A third problem, emphasized during the era of President Ronald Reagan’s Strategic Defense Initiative (SDI) in the 1980s, involved the prospect that hypersonic single-stage-to-orbit (SSTO) air-breathing vehicles would shortly replace the Shuttle and other multistage rocket – boosted systems. This concept depended upon the scramjet, a variant of the ramjet engine that sustained a supersonic internal airflow to run cool. But while scramjets indeed outperformed conventional ramjets and rockets, their immaturity and higher drag made their early application as space access systems impossible. The abortive National Aero-Space Plane (NASP) program consumed roughly a decade of development time. It ballooned enormously in size, weight, complexity, and cost as time progressed and still lacked, in the final stages, the ability to reach orbit. Yet while NASP faltered, it gave a major boost to computational fluid dynamics, which use supercomputers to study airflows in aviation. This represents another form of simulation that also is entering gen­eral use. NASP also supported the introduction of rapid-solidification techniques in metallurgy. These enhance alloys’ temperature resistance, resulting in such achievements as the advent of a new type of titanium that can withstand 1,500 degrees Fahrenheit (°F).[546] Out of it have come more practical and achievable concepts, as evidenced by the NASA X-43 program and the multiparty X-51A program of the present.

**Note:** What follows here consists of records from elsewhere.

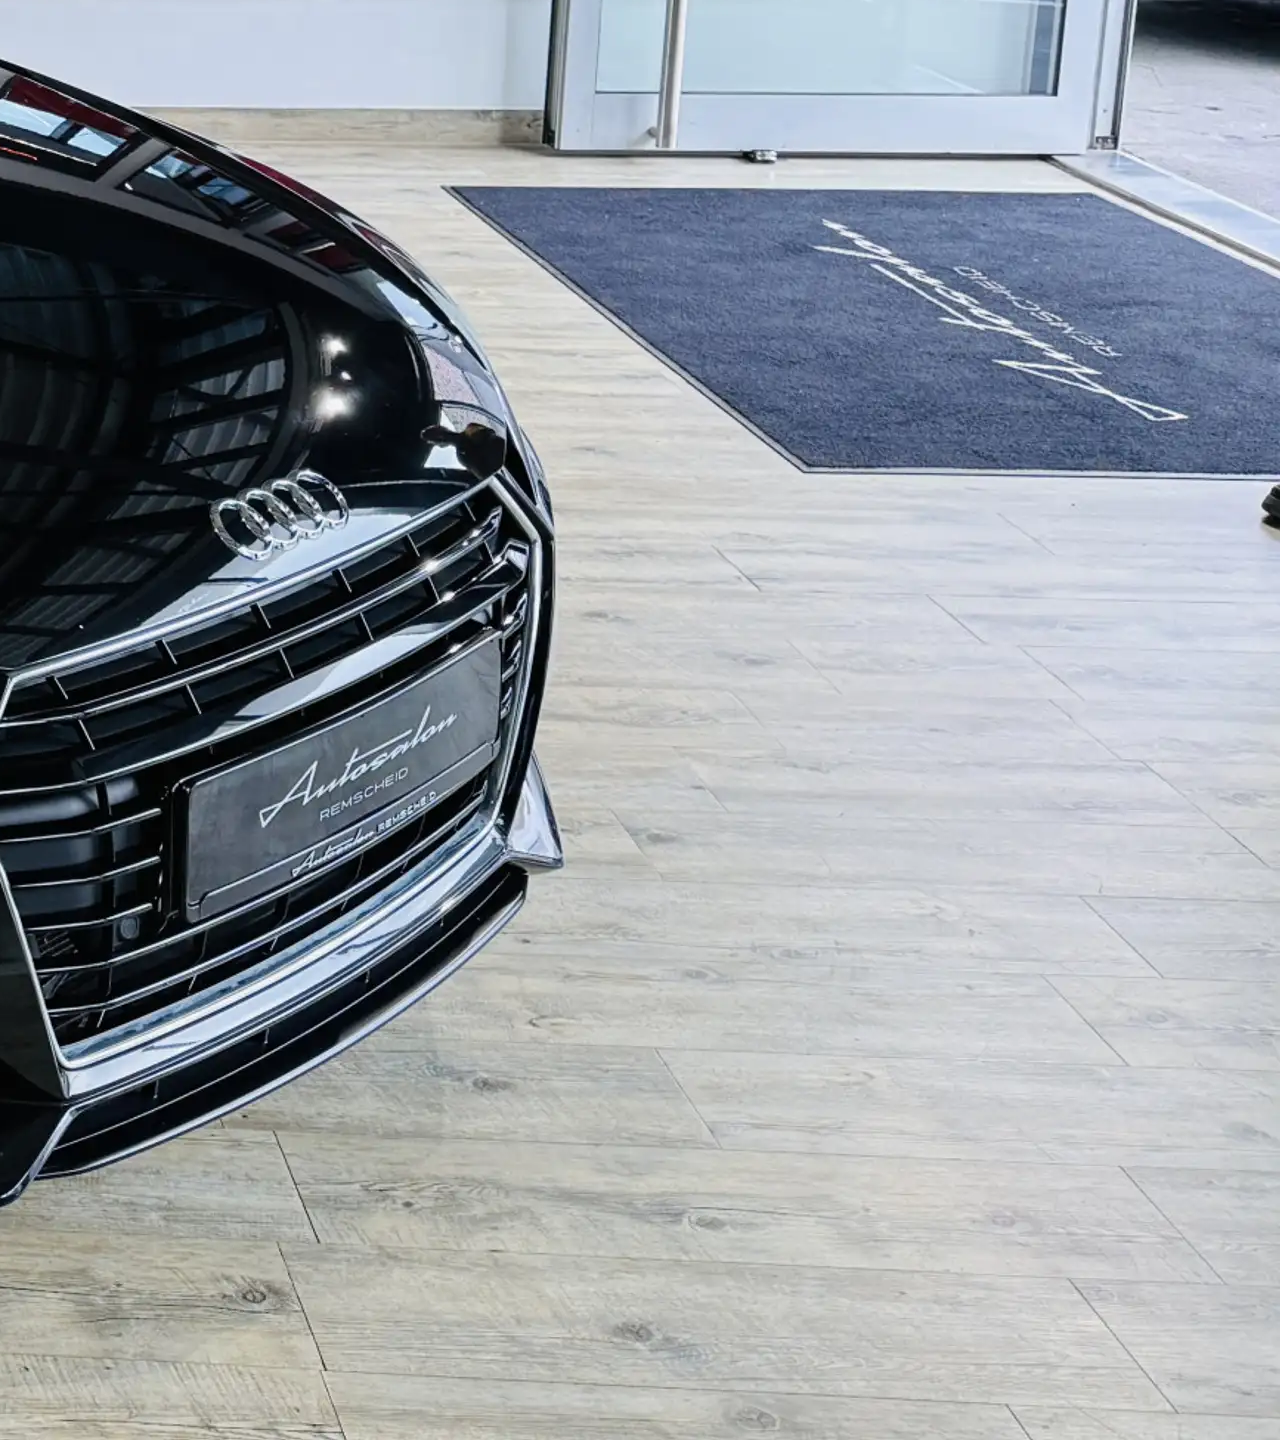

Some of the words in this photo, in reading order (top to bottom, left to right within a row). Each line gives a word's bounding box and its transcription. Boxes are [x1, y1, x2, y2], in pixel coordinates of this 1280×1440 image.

[811, 217, 1190, 423] Autosalon
[951, 264, 1124, 358] REMSCHEID
[258, 703, 459, 829] Autosalon
[318, 766, 410, 823] REMSCHEID
[376, 789, 438, 834] REMSCHEID
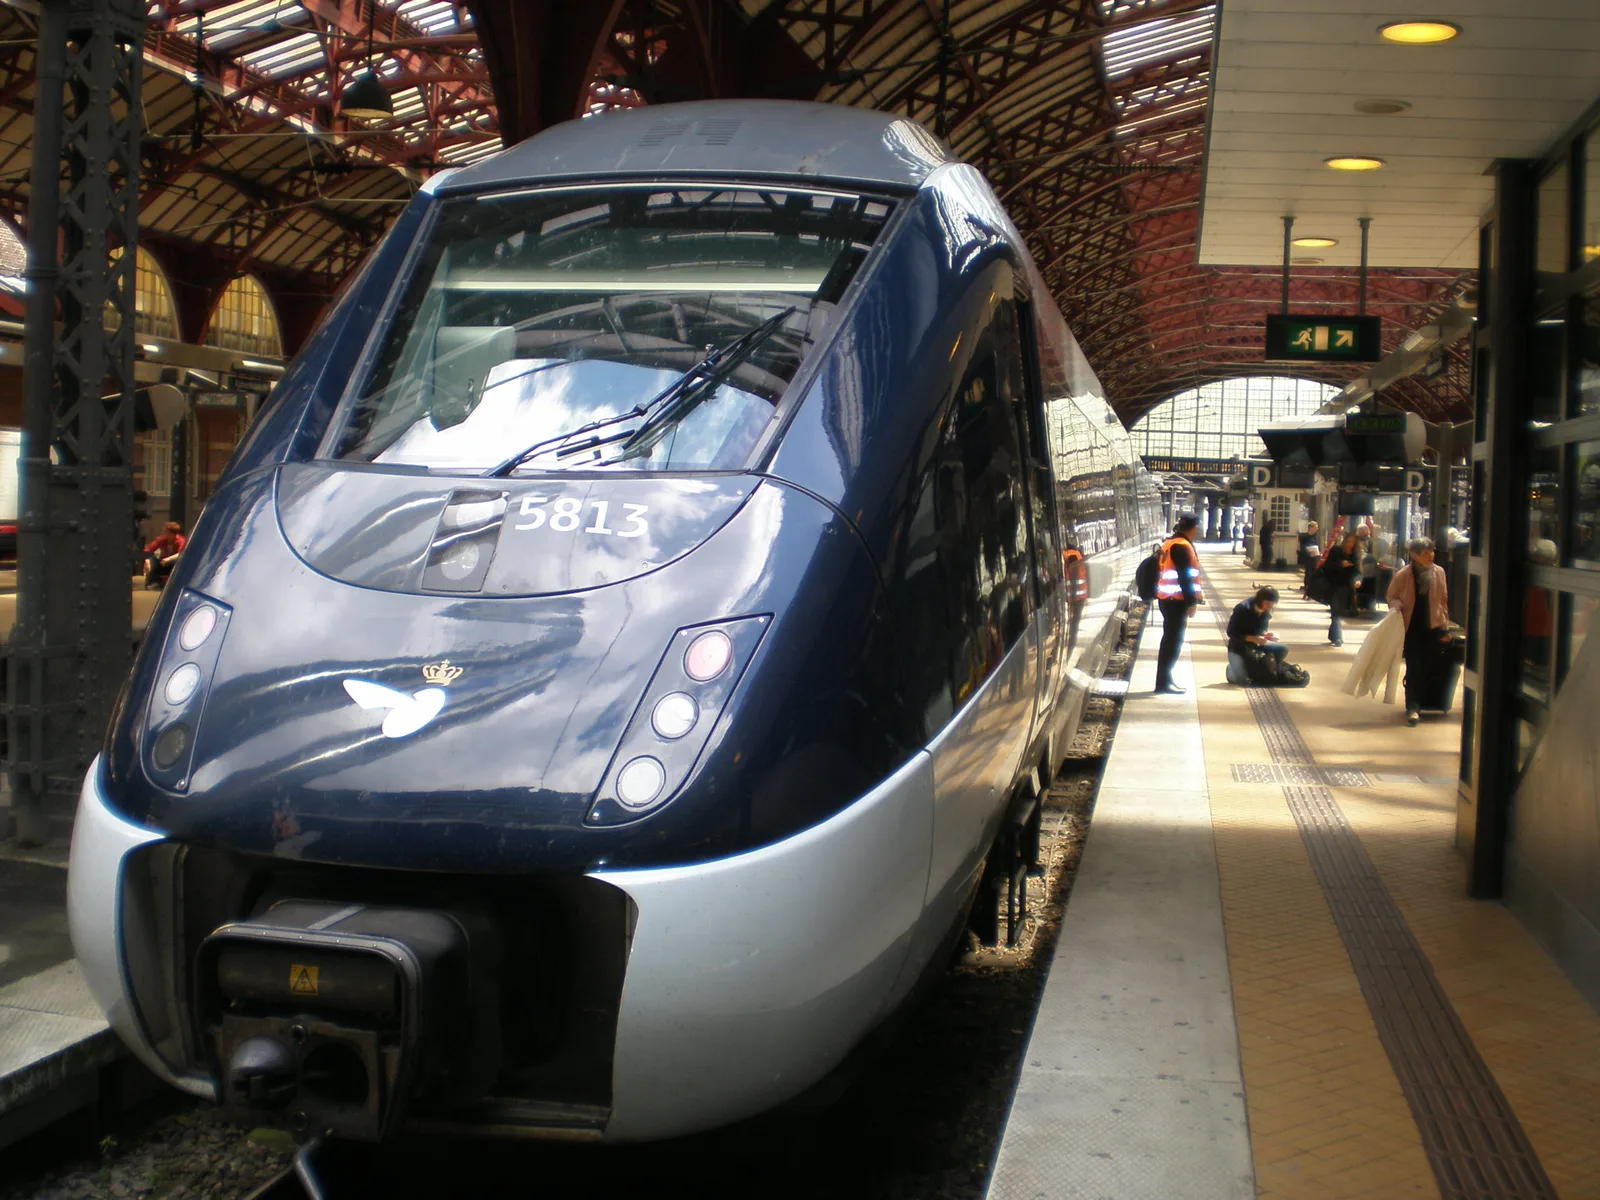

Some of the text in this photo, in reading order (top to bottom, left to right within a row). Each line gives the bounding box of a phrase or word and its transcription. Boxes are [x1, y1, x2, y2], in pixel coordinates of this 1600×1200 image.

[1253, 467, 1271, 486] D
[1406, 471, 1425, 491] D
[514, 496, 649, 538] 5813
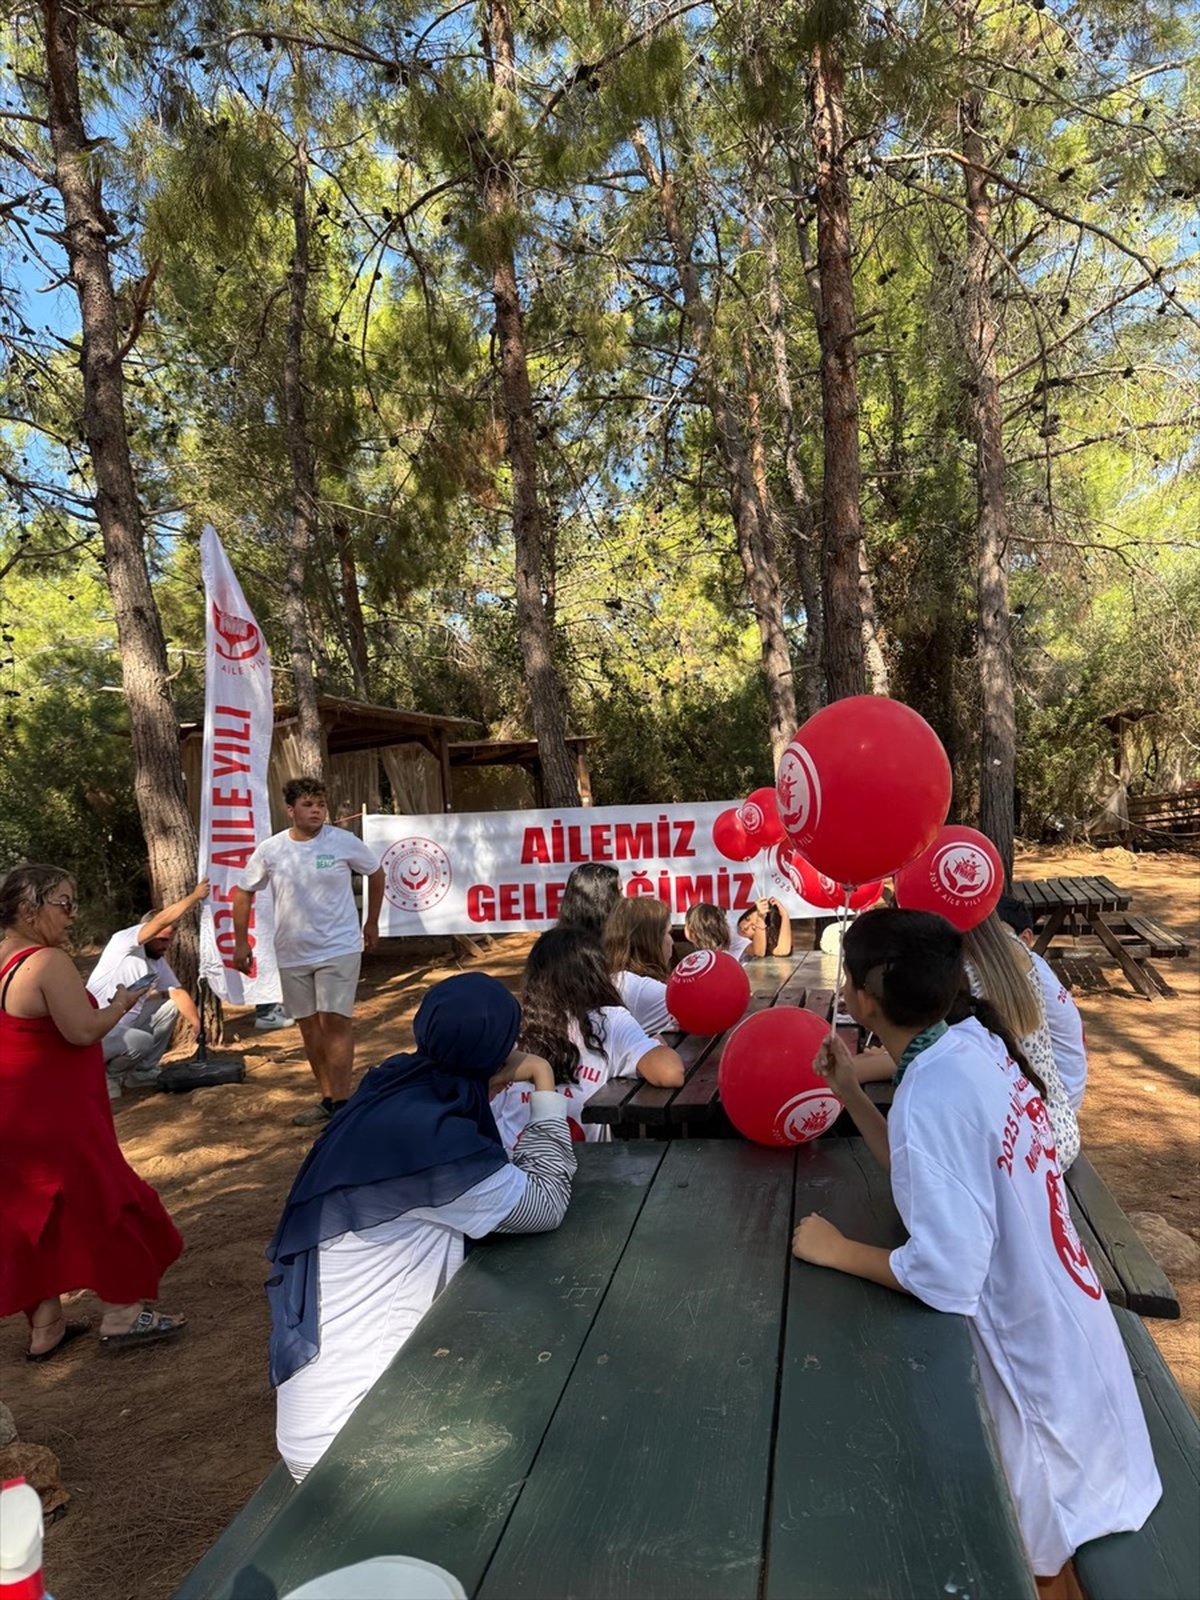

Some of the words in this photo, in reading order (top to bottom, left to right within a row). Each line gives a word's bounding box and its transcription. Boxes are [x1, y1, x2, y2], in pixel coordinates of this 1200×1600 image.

[212, 705, 252, 779] YILI
[520, 814, 697, 865] AİLEMİZ
[466, 866, 756, 924] GELEĞİMİZ
[575, 1064, 602, 1084] YILI
[996, 1113, 1020, 1178] 2025
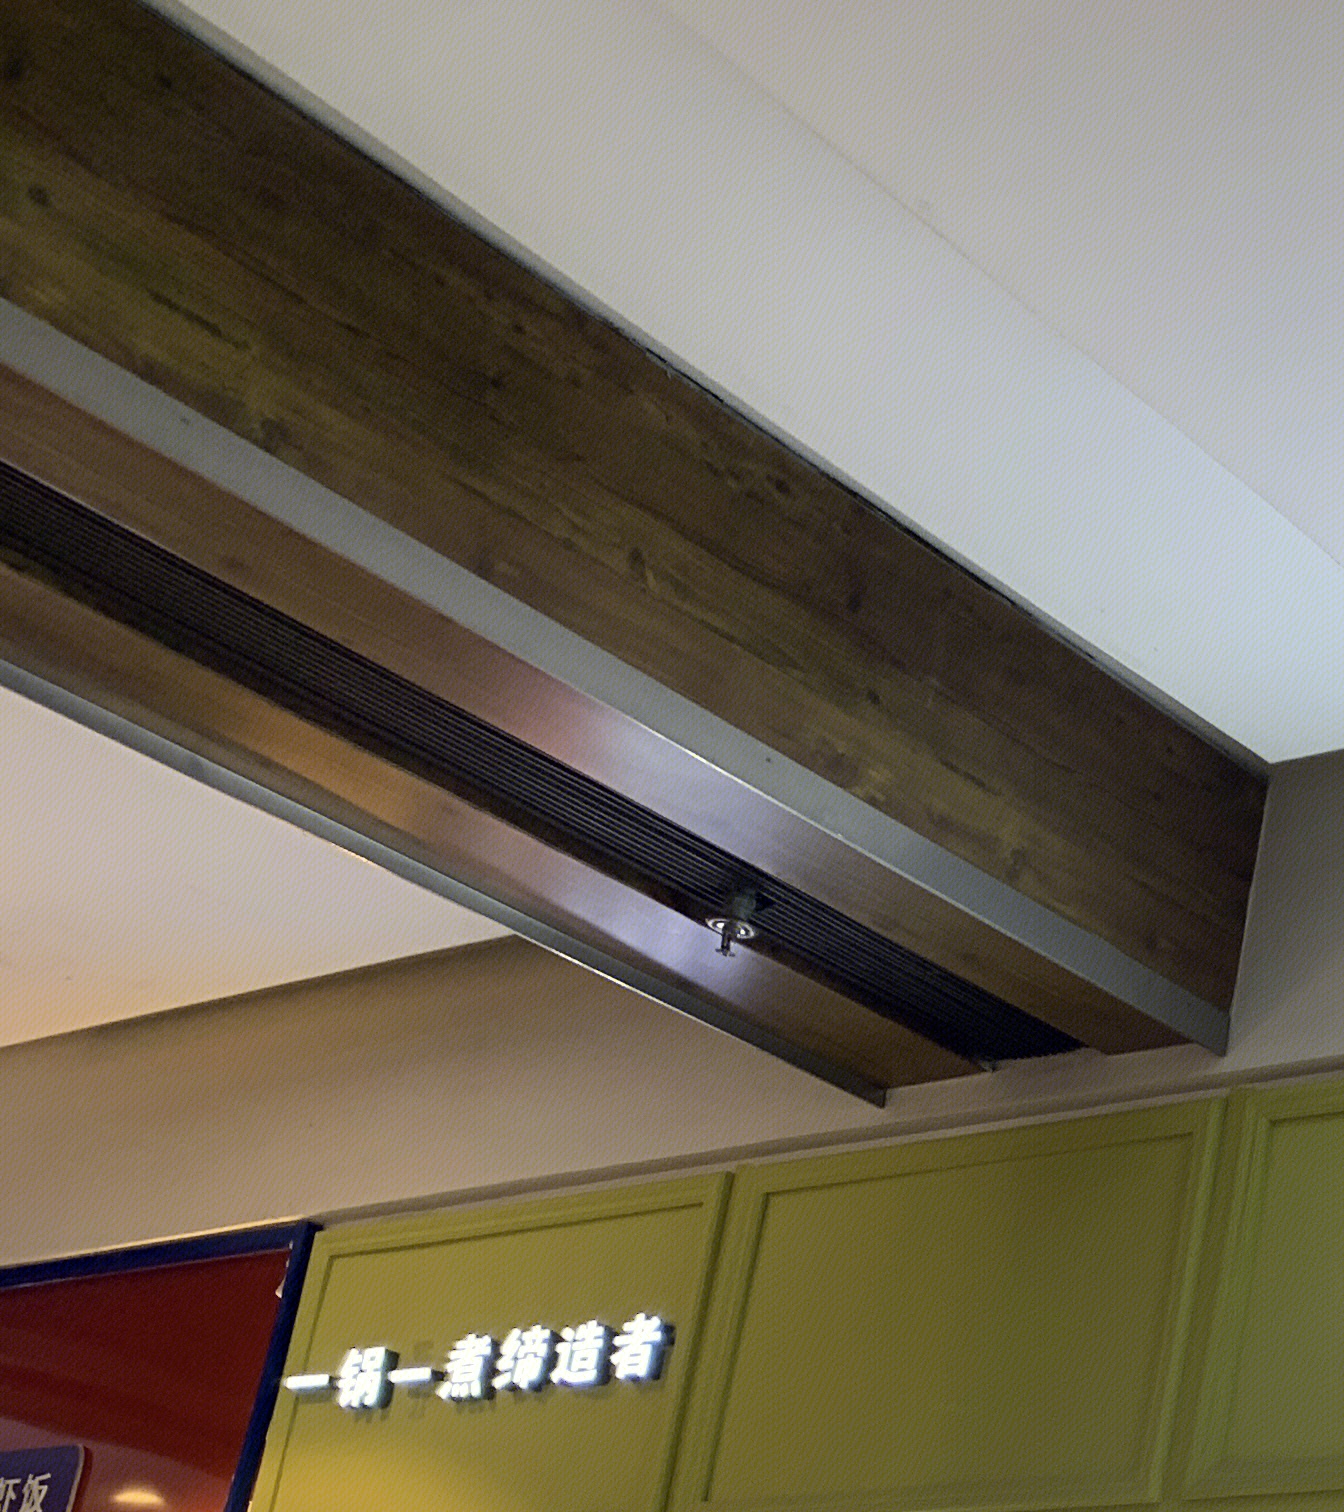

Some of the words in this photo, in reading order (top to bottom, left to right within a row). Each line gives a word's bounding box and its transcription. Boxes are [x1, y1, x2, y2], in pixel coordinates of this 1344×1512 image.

[284, 1313, 672, 1411] 一锅一煮缔造者

Applications of practical hypersonics to the present era have been almost exclusively within reentry and thermal protection. Military hyper­sonics, while attracting great interest across a range of mission areas, such as surveillance, reconnaissance, and global strike, has remained the stuff of warhead and reentry shape research. Ambitious concepts for transatmospheric aircraft have received little support outside the labo­ratory environment. Concepts for global-ranging hypersonic "cruisers” withered in the face of the cheaper and more easily achievable rocket.